Fructose breath test

I have just had this done today ( finally) and it showed positive.

Does anyone know EXACTLY what this means?

Firstly I am sure it means fructose malabsorption.

Secondly, I was advised that taking a fructose test covers the lactose and glucose tests too so there was no need to test for those two.. So does that mean I malabsorb all 3? AND that I have SIBO?

Just waiting for the report and no doubt a list of antibiotics ( to cause more digestive issues!)

So I hope someone out there can advise more info and maybe some tried and tested remedies other than antibiotics. ( already on FODMAP)


10 Replies

  • Hi I have just had the SIBO test and my result was negative after being tested for breath test over a 3hour session.Having had to starve first and then I understood that if it had been positive it would have meant over growth of bacteria in the small colon-which can be treated by antibiotic.This was after drinking Glucose. I understood that for other tests one takes diferent sugars. This was through a hospital Gastroenterologist. hope this may help

  • Hi I have just started using this website, I have had IBS for many years, and have found the FODMAP diet beneficial. I was interested to learn that you have had a Fructose breath test, do you know if this is available in the UK, as my GP did not know of that particular test when I inquired a while ago.

  • Hi big bun, yes I had it done in London. A year ago I got my GP to refer me to a gastroenterologist. Had a celiac test and then had to research and push for further tests myself.

    The fructose test is actually called the Hydrogen Breath test and can be done with lactose, glucose or fructose.

    In my case I have been on FODMAPS since feb and knew that sugar was a major issue.

    If you're still having slight issues on FODMAPs than I would suggest asking for the test or a referral if the GP is still not clued up on it.

    Good luck:-)

  • Hi Ibsr thank you for the info I will look into it.

  • Hi Ibsr,

    I think it's good that the Gastro's now have some hard data which confirms you have a problem- they don't seem to get very excited about described symptoms.

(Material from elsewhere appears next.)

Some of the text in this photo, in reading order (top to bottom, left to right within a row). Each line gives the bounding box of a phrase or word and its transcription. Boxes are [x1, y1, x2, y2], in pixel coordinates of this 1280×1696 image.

    It would be good if you would share what treatment is recommended.

    I'm a bit confused with what this all means myself, however from what I can gather the small intestine is meant to be relatively bacteria free, instead this is where enzymes are meant to be released which then break down nutrients ready to be absorbed via the intestinal wall. The remainder goes through to the colon where bacteria do the work.

    If bacteria creep into the small intestine they:

    *Create gas which is uncomfortable (I don't think much swallowed air is meant to get far down your gut)

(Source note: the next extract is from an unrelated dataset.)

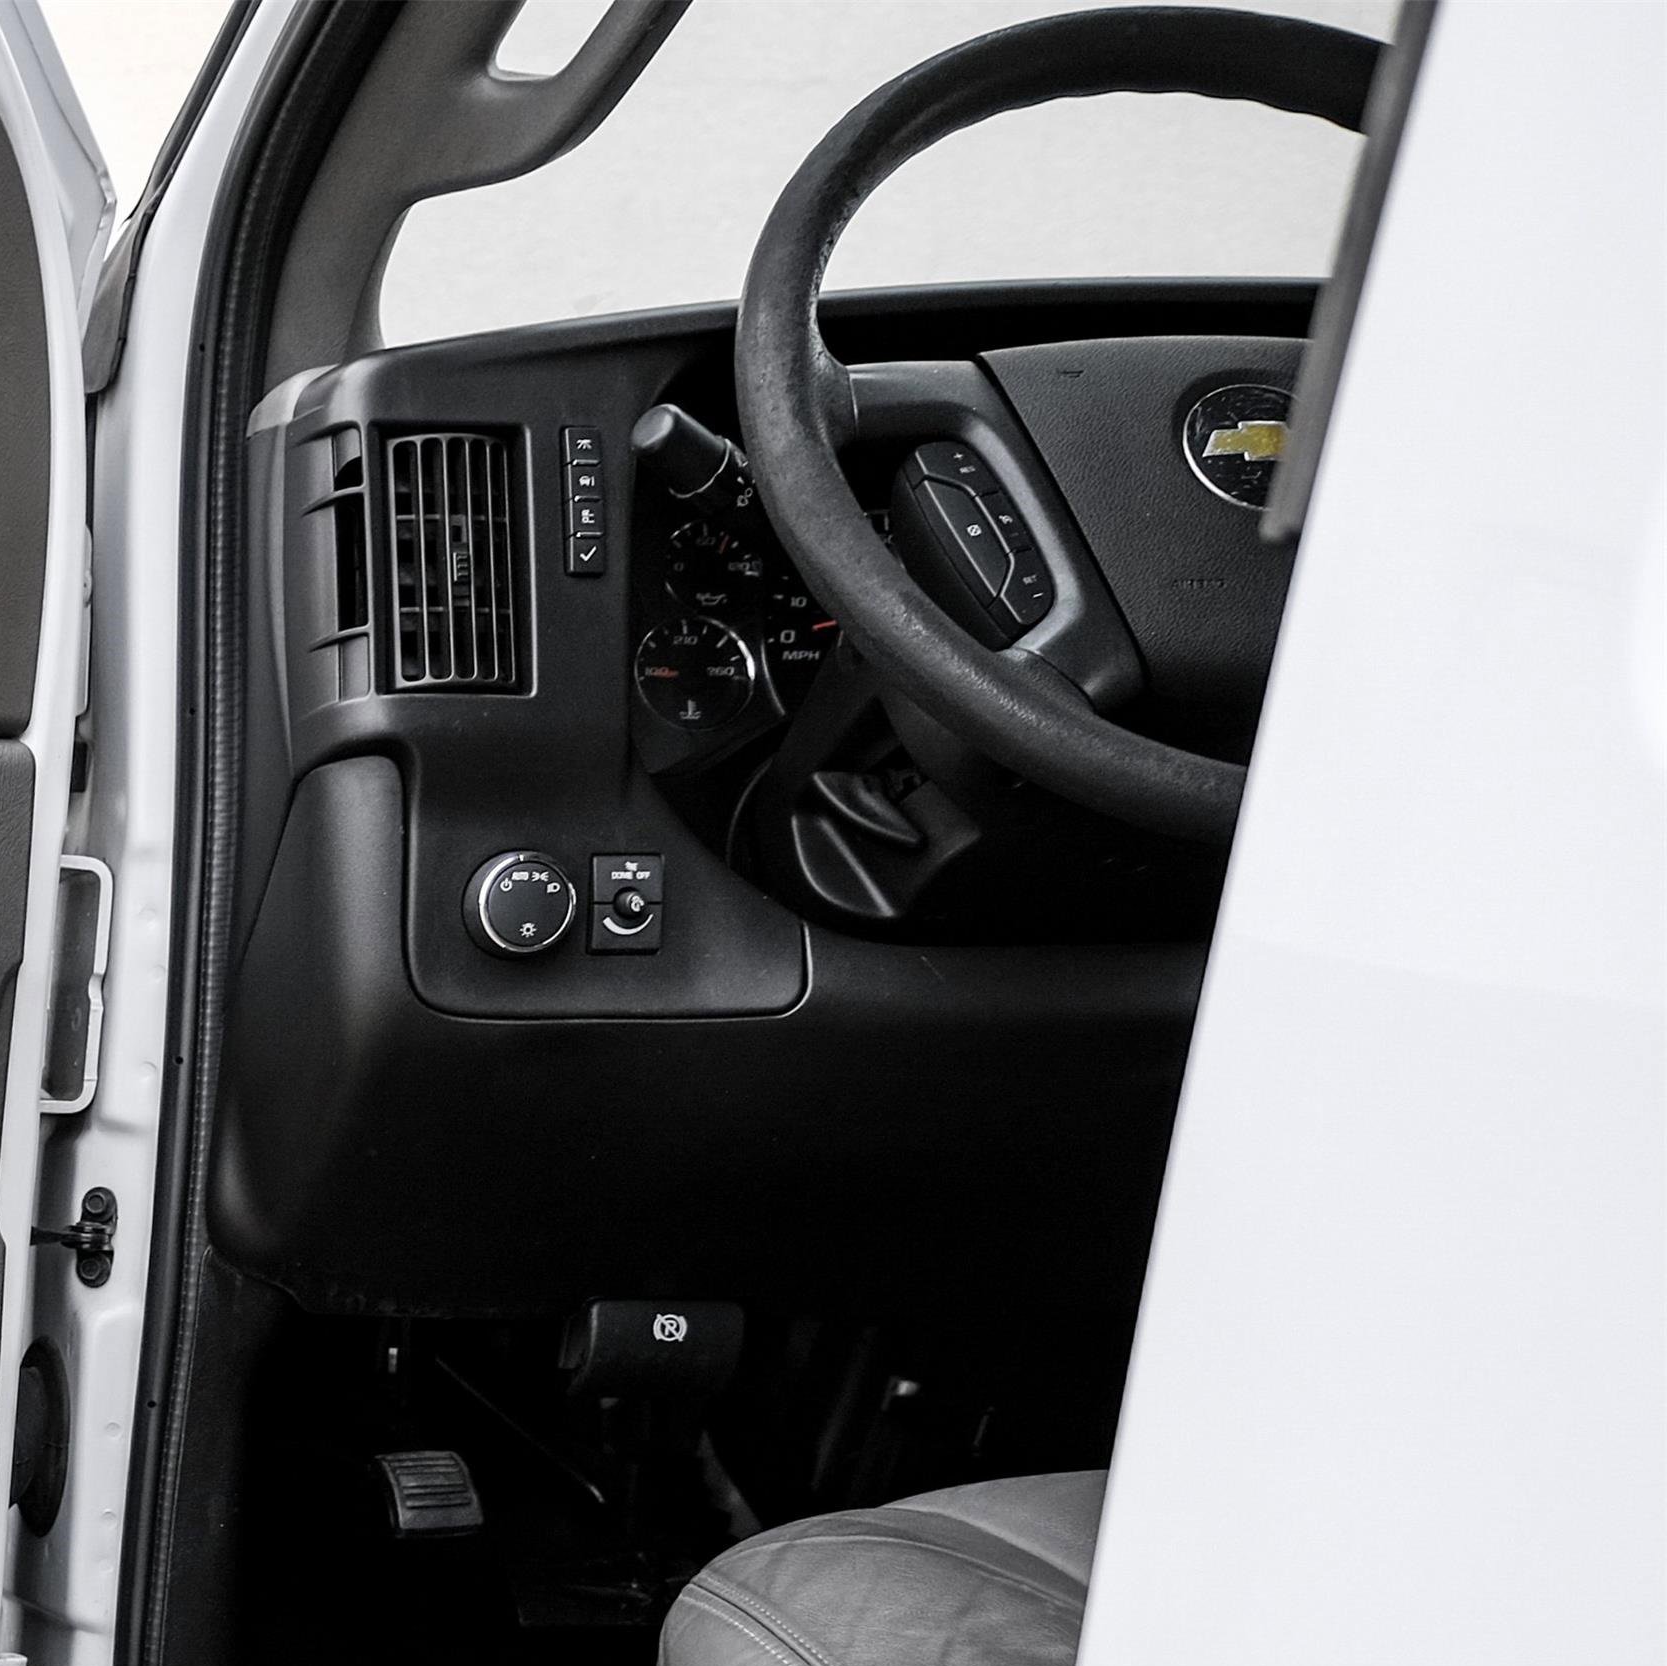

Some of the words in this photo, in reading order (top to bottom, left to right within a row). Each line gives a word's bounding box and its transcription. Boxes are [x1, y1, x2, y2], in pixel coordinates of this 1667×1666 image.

    *Create byproducts (one being hydrogen) which are quickly absorbed into the body- some of these byproducts might be toxic to the body. I don't think the hydrogen is bad per se it's just a diagnostic tool, if there are two peaks instead of one there is hydrogen production both in the small and long intestine have

    *Create or exacerbate problems with the mucosal layer. This is bad news as the mucosa provides a vital barrier between the outer world and the inner world. A compromised mucosal layer (also known as leaky gut) allows bacteria and debris in through the gut wall possibly leading to a immune response.

    Some factors which can lead to bacterial overgrowth in the small intestine are:

    * Infections affecting the mucosal layer

    * Peristalsis (wave function used to move matter through the gut) not working correctly

    *Reduced enzyme production

    * Reduced acid production in the stomach

    * Problems with the valve between the small and long intestine allowing bacteria to wash back into the small intestine

    *Combination of all of the above

    I found this animation of the gut recently which helps with understanding things:

    As I say this is all my take on it, don't take it as gospel!

    Cheers and good luck,


  • Also I guess you might have a colon y of the wrong type of bacteria (hydrogen) in the long intestine...

  • Hi J, this is what is so confusing, I have read that in fructose malabsorption the small intestine does not need enzymes to process fructose.

    Once it gets into the LI, it can either back flow to the SI due to a faulty ileo cecal valve. Or it can stay in the LI and leak into the walls and the blood supply, hence foggyness etc.

    Am still looking at alternative ways to treat this and there is not much out there to help:-(

  • OK just using deduction we could maybe assume that the mucosal layer has been compromised for some reason and 'bad' bacteria have taken hold so rather than the fructose being absorbed directly into the body, instead it is being metabolised by the bacteria.

    If you are looking for alternatives a friend has recommended berberine/ berberis tincture with total recovery - he went on an exclusion diet and used the tincture for 6 months.

  • Thanks, will look into that:-)

  • Update***

    It turns out that I was advised wrong info at my fructose testing. I DO have to go back and be lactose tested now. Don't you just love the lack of knowledge on IBS at the NHS!